Our origination income recognition practices are conservative and we have one of the most shareholder friendly fee structures in the industry. We continue to invest alongside our shareholders and members of the management team and the Board of Directors have continued to purchase shares in the open market.
In closing, we are pleased with our performance in the first quarter of 2016 and our ability to generate high levels of recurring income. We are optimistic about our prospects for delivering continued growth and returns based on our opportunity set in our growing origination platform.
And we remain committed to our rigorous investment process that delivers high risk adjusted returns while preserving capital over the long-term. We would like to thank all of our shareholders for your confidence and your continued support. And with that operator, please open call for questions..
[Operator Instructions] Our first question comes from the line of Leslie Vandegrift of Raymond James. Your line is now open..
Hi, guys. Good afternoon. Just wanted to ask quick question on the prepayment income first. Obviously, you talked about it $0.02 this quarter, little bit lower than expected.
Was that driven by no prepayment pay down from MD America this quarter?.
The prepayment income if you look quarter-over-quarter is generally lumpy. We see a lot of variation and that’s partly a function of how many loans are prepaying and the amount of prepayment premium they have. Some of our loans have far more than others and some of them prepay earlier in their lifecycle.
Generally those prepayment premiums go down over the life of the loan. The MD America isn’t – really wasn’t a material factor in this during the quarter. .
Okay. Do you expect – I mean, I guess you say it's lumpy, but do you expect to see more from MD America throughout the year? I know you said it was going to prepay, at least expected to.
But do you have a timeline for that at all?.
We do not have a timeline on that. Generally speaking, prepayments were light during Q1. We have always tried to make clear to people that the business is lumpy.
These even in Q4 when the capital markets were in a fair amount of dislocation, we saw large prepayments, we didn’t see that carry over into Q1 and maybe a small seasonality element to that in Q1, but also there was a lot of disruption.
But a lot of these events are also idiosyncratic, that is credit specific and both in good markets and in bad markets, some of our borrowers simply elect to prepay their loans early. .
All right.
And then on just base originations, you said $36.3 million so far this quarter, with the run rate, it would be a little bit lighter for the second quarter, are you seeing that or do you think this quarter will be a bit back-end loaded from what you’re seeing down the pipeline right now?.
Yes, I will take that, Leslie, thanks for the question.

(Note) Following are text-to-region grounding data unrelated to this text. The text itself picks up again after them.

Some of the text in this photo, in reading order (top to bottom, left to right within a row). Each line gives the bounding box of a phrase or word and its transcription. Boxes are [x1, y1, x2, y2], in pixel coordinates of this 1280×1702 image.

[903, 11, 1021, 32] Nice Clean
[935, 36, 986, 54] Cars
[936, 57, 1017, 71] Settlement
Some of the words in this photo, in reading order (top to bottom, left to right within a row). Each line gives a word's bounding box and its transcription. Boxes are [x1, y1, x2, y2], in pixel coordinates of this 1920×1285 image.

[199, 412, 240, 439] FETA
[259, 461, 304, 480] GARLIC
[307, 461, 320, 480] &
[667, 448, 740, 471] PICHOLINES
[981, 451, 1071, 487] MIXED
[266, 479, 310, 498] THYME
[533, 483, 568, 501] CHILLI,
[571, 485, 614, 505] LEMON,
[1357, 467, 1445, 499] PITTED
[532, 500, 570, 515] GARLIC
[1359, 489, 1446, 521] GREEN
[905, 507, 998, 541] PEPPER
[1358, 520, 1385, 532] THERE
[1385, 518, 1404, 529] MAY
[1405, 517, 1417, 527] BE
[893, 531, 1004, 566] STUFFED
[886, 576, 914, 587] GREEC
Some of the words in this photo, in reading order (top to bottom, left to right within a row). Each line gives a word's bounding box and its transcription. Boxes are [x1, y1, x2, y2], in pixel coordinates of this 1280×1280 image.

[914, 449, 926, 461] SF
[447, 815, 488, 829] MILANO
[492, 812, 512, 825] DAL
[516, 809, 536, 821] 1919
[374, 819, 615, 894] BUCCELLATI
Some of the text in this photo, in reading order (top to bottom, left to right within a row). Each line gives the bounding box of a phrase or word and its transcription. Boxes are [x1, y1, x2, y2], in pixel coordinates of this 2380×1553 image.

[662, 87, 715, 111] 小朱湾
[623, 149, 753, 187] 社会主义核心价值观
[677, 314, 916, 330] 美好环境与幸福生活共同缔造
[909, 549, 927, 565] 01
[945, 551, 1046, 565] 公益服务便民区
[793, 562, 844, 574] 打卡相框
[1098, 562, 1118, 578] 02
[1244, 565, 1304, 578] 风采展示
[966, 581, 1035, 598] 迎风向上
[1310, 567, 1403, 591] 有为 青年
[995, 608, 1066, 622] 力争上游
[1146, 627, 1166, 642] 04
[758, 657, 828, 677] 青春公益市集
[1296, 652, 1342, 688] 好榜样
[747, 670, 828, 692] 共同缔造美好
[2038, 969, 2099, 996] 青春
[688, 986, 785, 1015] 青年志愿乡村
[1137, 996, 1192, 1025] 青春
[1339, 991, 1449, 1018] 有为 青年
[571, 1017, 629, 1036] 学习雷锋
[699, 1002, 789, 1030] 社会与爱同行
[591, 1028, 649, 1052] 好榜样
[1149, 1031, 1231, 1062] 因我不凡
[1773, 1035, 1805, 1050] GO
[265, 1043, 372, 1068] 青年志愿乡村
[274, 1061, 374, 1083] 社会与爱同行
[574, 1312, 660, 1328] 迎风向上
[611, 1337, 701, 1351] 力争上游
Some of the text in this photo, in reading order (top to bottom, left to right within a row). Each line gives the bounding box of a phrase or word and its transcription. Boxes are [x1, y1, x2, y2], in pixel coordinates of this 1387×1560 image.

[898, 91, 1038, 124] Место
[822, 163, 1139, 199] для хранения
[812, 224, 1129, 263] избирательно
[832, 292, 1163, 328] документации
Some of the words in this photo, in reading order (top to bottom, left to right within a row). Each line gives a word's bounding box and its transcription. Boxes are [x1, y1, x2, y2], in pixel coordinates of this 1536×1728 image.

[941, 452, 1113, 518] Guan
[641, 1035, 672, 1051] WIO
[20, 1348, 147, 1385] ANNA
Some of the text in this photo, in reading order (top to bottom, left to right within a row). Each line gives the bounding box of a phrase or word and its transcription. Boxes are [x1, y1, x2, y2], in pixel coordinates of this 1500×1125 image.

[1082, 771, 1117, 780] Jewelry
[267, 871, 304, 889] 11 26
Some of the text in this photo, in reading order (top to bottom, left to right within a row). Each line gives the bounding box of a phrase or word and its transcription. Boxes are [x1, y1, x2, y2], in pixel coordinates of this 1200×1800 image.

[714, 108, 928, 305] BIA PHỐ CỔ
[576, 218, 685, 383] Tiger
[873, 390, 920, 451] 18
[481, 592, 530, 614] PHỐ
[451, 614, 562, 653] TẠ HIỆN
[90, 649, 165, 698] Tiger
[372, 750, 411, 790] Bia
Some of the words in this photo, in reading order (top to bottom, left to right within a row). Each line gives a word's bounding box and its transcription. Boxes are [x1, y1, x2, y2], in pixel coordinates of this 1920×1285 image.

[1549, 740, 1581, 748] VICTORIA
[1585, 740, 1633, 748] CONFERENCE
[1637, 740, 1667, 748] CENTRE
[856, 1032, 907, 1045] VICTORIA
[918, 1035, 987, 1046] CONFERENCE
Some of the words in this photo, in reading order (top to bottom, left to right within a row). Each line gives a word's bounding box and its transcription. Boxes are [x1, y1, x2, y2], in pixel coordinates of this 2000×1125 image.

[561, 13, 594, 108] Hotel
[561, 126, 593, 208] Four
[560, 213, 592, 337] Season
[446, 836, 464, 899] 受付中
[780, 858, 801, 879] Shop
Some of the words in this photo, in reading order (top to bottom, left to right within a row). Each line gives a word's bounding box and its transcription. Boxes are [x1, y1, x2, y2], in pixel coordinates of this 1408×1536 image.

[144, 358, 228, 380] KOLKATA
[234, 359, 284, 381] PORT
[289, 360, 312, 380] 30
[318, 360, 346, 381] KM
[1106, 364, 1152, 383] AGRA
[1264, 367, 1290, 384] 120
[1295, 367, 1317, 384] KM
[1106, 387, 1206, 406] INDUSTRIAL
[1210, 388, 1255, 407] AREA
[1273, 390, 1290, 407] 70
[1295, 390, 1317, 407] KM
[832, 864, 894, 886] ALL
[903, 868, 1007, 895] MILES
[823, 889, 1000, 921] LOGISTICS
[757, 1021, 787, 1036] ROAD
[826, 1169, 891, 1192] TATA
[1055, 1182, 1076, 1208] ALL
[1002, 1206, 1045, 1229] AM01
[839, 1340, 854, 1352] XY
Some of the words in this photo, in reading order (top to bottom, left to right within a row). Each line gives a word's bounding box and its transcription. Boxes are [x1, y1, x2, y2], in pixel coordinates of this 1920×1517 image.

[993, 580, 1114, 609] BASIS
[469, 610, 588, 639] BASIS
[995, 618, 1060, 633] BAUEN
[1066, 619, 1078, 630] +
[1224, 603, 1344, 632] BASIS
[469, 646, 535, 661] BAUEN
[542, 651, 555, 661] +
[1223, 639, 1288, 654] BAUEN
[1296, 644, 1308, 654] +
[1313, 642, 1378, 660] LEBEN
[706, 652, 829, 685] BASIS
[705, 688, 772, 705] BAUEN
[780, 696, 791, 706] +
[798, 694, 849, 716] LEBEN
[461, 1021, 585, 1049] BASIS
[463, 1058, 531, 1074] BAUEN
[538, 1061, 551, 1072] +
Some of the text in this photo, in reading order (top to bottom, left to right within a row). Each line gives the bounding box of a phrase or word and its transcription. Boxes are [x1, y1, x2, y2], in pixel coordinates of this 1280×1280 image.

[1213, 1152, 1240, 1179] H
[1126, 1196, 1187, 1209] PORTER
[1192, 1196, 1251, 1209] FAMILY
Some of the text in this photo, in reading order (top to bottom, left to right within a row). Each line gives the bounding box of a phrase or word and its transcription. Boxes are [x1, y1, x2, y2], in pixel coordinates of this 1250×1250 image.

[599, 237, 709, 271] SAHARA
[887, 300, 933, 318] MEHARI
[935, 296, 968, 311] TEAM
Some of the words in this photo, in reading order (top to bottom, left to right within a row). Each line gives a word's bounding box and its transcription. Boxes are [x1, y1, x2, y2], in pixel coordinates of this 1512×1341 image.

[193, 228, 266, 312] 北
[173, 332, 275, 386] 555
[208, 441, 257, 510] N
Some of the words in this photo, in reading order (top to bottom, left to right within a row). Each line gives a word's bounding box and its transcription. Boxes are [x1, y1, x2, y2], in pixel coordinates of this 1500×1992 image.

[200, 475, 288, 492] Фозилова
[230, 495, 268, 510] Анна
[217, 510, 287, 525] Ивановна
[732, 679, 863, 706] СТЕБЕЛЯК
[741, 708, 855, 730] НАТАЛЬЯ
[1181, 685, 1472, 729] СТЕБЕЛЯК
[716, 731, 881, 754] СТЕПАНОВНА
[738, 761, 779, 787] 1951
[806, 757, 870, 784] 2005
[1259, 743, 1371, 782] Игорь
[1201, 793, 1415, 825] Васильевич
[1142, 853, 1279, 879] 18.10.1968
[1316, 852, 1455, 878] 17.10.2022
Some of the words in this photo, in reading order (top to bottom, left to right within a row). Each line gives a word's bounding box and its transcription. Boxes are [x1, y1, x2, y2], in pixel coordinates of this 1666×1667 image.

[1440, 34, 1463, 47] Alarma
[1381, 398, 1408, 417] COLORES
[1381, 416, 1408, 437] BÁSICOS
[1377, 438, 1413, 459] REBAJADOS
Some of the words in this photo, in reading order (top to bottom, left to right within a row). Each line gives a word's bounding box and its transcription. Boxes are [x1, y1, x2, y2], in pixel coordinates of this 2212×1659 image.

I am not sure if I heard the number that you quoted properly, but obviously we had a good quarter of deployment, $114 million in aggregate, and we’ve seen an amount that is $36 million for the quarter-to-date, which might be what you refer to.
I think I would echo Howard’s comment and we make it quite frequently that the business is lumpy, it’s not linear necessarily within the quarters themselves. The fact at this time last quarter, I came up with the exact number, but it wasn’t anywhere near $114 million.
So we are constantly working on deals, the pipeline is robust and sometimes those deals come in in a flurry in the latter part of the quarter, sometimes they may slip over into the following quarter. But right now, we are seeing good activity.
How that plays out and closes will be a function of absolutely sticking to the discipline and getting what we need to or passing on the deal even if we take it far down the line.
But to answer your question, we are seeing good activity, the pipeline is strong, and in many cases, we are passing on things if it’s not the right credit quality or as we saw last quarter not the right level of return as we are seeing a better level of return in the current environment than even late last year. .
And Leslie, just to add one other point on what Raj was saying, I wouldn’t extrapolate too much from four investments at a slightly different yield. There is a wide variance in our yields typically, although on a blended basis, they have been remarkably consistent quarter-over-quarter over the last few years.
But the fact that they are slightly lower based on small number of investments in the quarter does not indicate some fundamental change or shift. .
Okay. All right. And then last one, I know you guys are still working on the first half of the first SBIC license. So we have seen a few other competitors in the space start to get an additional $75 million on the end of the second license that they were previously kept [ph] out on.
Are you seeing that competition come back from players that were previously kept out on these smaller SBA type loans that they are eligible for those? And is that affecting any pricing you are seeing there?.
Not really. I think the – our system I think focuses in general on a different size and I would argue, quality of deal. We were a little surprised in the initial stages of the ramp, but it wasn’t a little quicker from what we have seen historically before we apply for the license.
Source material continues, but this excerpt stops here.